-- Opening Marker --

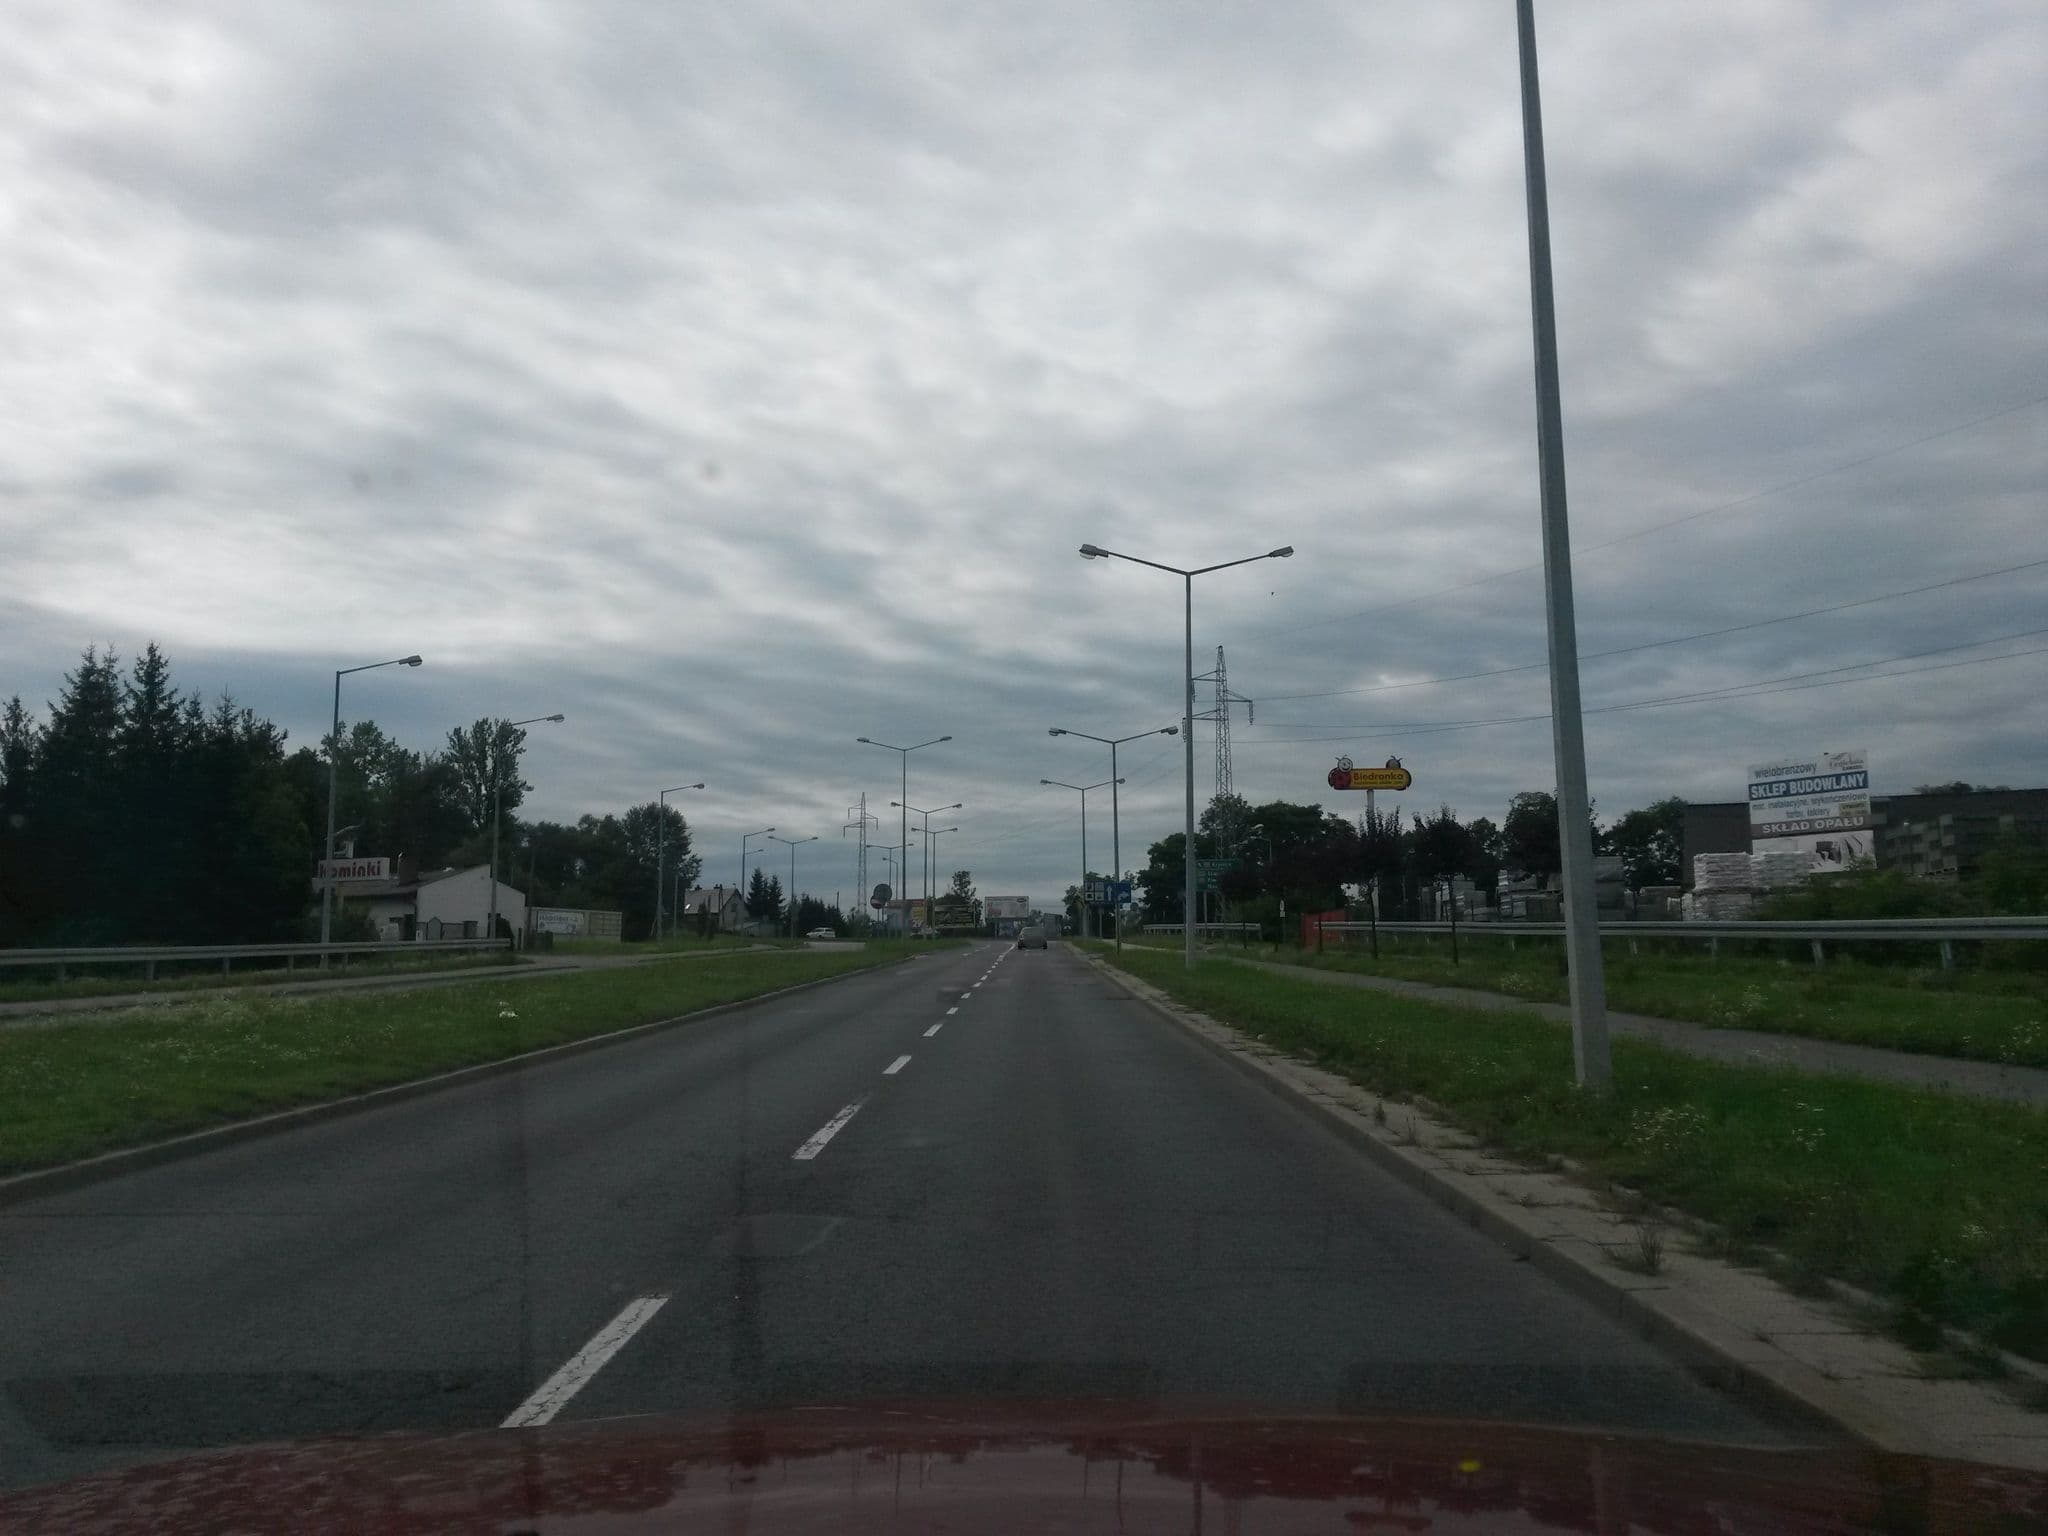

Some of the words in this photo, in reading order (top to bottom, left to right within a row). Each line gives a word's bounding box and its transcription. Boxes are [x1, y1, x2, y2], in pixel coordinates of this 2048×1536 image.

[1354, 773, 1403, 781] Biedronka
[1751, 785, 1787, 799] SKLEP
[1789, 774, 1864, 794] BUDOWLANY
[1763, 821, 1810, 833] SKŁAD
[1815, 816, 1864, 829] OPAŁU

-- Closing Marker --

WHAT IS NEEDED -
Transcribe the preceding listing in its entirety and with exact wording, leaving out pictures.

REPLY -
Some of the words in this photo, in reading order (top to bottom, left to right within a row). Each line gives a word's bounding box and its transcription. Boxes are [x1, y1, x2, y2], in pixel coordinates of this 2048×1536 image.

[1354, 773, 1403, 781] Biedronka
[1751, 785, 1787, 799] SKLEP
[1789, 774, 1864, 794] BUDOWLANY
[1763, 821, 1810, 833] SKŁAD
[1815, 816, 1864, 829] OPAŁU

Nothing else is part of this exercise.